Praktis malam minggu kelabu, adu balap itu menewaskan dua orang. Satu adalah Aldi, dan satu lagi adalah seseorang dari genk motor lain yang tidak diketahui identitasnya oleh keluarga Alona sampai sekarang.


Sejak saat, duka selalu dirasakan oleh keluarga Alona. Motor balap dan adu balap menjadi momok yang menakutkan karena membangkitkan lagi kenangan di masa lalu. Ya, tepatnya tiga tahun yang lalu kala mendung gelap menundungi keluarga Alona.


...🍀🍀🍀...


Sekarang ....


Menceritakan semuanya kepada Altharazka membuat Alona berlinang air mata. Bahkan sekarang menangis dengan terisak-isak. Altharazka menjadi tahu apa yang sebenarnya terjadi. Ternyata itu berkaitan dengan kenangan yang sangat pahit.

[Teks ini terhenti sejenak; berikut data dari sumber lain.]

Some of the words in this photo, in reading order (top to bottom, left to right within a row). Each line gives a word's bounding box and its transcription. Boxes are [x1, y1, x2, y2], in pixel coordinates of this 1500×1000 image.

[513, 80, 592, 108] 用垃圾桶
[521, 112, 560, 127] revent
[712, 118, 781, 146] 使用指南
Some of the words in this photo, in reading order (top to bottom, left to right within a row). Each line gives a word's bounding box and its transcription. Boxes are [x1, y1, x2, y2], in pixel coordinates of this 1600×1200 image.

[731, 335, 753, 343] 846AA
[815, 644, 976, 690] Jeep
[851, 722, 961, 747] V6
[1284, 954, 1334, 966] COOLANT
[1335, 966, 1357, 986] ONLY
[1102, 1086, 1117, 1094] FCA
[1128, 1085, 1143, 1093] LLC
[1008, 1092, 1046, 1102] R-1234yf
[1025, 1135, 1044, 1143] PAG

Melihat Alona menangis dan terisak-isak, Altharazka mendekati gadis itu. Altharazka yang semula duduk di depan Alona, sekarang duduk di samping Alona. Tanpa banyak kata, Altharazka refleks merangkul Alona, membawa wajah gadis yang berderai air mata ke dadanya.


Tangisan Alona kembali pecah. Air matanya membasahi kaos yang Razka kenakan. Sementara tangan Razka masih merangkul Alona di sana.

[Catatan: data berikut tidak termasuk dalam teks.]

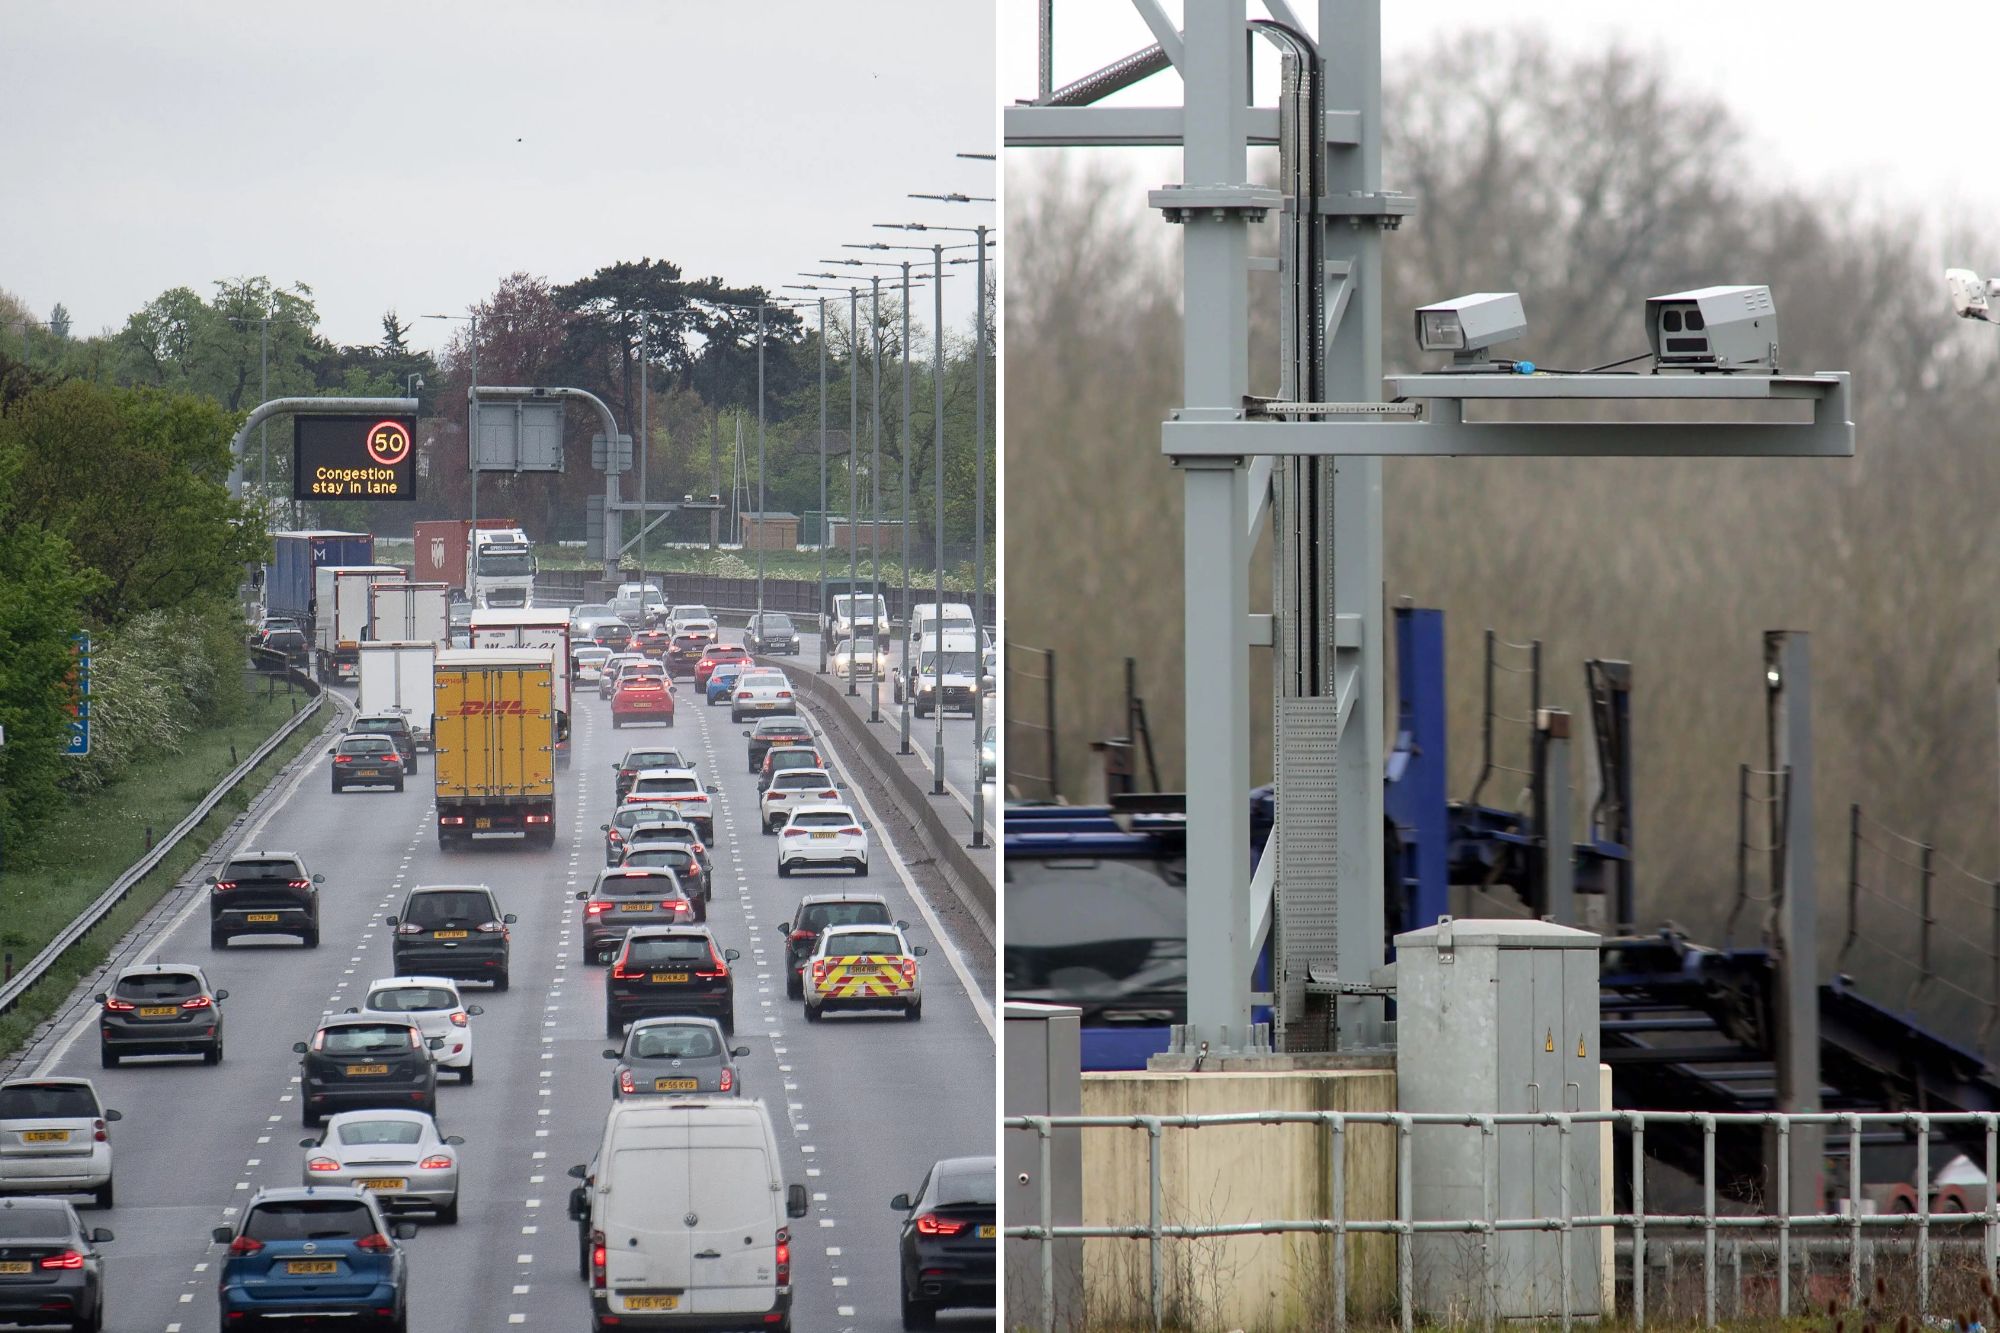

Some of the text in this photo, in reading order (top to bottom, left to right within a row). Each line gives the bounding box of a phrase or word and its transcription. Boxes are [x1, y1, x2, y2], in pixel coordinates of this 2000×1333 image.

[375, 433, 403, 452] 50
[316, 467, 394, 482] Congestion
[312, 481, 398, 495] stay in lane
[458, 700, 528, 716] DHL

"Maaf, Lona ... maaf," kata Altharazka.


Seketika Altharazka merasa menyesal karena menanyakan hal sensitif dan berkaitan dengan momen pahit di masa lalu. Cukup lama Alona menangis, hingga Alona perlahan-lahan bisa mengatur emosinya dan kembali tenang. Walau masih terdengar isakan di sana.


"Jadi, kalau bisa ... jangan balapan lagi, Al. Loe tahu mendiang Marco Simonchelli yang meninggal di pacuan balap? Bukankah itu sangat mengerikan? Moto GP yang memiliki safety saja bisa melayangkan nyawa. Please, Al ... jangan balapan," kata Alona.


Gadis itu kembali menangis. Dia benar-benar meminta sekarang supaya Altharazka tidak lagi balapan motor. Setiap pertikaian tidak harus diselesaikan dengan adu balap. Ada cara-cara yang lebih aman dan sehat untuk menyelesaikan penyelesaian. Bagi Alona, balapan itu sangat membahayakan.


"Gue pertimbangkan," balas Razka.


Setelah tenang, Alona menarik wajahnya dari dada Altharazka. Gadis itu menyadari bahwa dia melakukan kesalahan dengan merasakan kenyamanan ketika Altharazka merangkulnya. Sekarang, Alona pun meminta maaf kepada Altharazka.


"Maaf, Al ... gue terlalu emosional dan menangis seperti ini," kata Alona.


"Tidak apa-apa," balas Altharazka.


"Kaosnya jadi basah," sahut Alona dengan menunjuk kaos Altharazka yang basah di area dada.


"No problem," balas Altharazka.


Setidaknya sekarang Altharazka sudah tahu cerita di balik kenapa Alona memintanya untuk tidak balapan motor lagi. Bahkan Altharazka ingat bahwa ini bukan sekali Alona meminta, tapi sudah permintaan kedua atau ketiga. Setelah tahu semuanya, Altharazka akan mempertimbangkan semuanya. Benar yang Alona katakan bahwa tidak semua pertikaian harus diselesaikan dengan adu balap. Semoga saja, Altharazka bisa mengambil keputusan yang tepat.